**Task to carry out:** Exactly as written, give back every record below.

**Recorded information:**
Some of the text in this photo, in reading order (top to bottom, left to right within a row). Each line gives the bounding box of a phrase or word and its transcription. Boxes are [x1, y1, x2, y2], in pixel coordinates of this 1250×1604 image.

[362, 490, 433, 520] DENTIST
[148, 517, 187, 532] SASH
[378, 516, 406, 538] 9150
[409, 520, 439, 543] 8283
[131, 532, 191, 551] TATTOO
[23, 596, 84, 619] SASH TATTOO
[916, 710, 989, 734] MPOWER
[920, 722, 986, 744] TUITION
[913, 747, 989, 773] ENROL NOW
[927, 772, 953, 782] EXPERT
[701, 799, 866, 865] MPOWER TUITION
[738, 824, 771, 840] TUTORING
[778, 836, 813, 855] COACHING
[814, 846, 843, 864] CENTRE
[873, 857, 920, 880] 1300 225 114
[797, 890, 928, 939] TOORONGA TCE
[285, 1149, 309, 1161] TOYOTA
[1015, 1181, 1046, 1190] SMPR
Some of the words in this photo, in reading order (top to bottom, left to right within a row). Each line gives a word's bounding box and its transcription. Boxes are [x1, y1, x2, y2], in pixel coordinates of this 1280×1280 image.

**Response area:**
Some of the text in this photo, in reading order (top to bottom, left to right within a row). Each line gives the bounding box of a phrase or word and its transcription. Boxes are [x1, y1, x2, y2], in pixel coordinates of this 1250×1604 image.

[362, 490, 433, 520] DENTIST
[148, 517, 187, 532] SASH
[378, 516, 406, 538] 9150
[409, 520, 439, 543] 8283
[131, 532, 191, 551] TATTOO
[23, 596, 84, 619] SASH TATTOO
[916, 710, 989, 734] MPOWER
[920, 722, 986, 744] TUITION
[913, 747, 989, 773] ENROL NOW
[927, 772, 953, 782] EXPERT
[701, 799, 866, 865] MPOWER TUITION
[738, 824, 771, 840] TUTORING
[778, 836, 813, 855] COACHING
[814, 846, 843, 864] CENTRE
[873, 857, 920, 880] 1300 225 114
[797, 890, 928, 939] TOORONGA TCE
[285, 1149, 309, 1161] TOYOTA
[1015, 1181, 1046, 1190] SMPR
Some of the words in this photo, in reading order (top to bottom, left to right within a row). Each line gives a word's bounding box and its transcription. Boxes are [x1, y1, x2, y2], in pixel coordinates of this 1280×1280 image.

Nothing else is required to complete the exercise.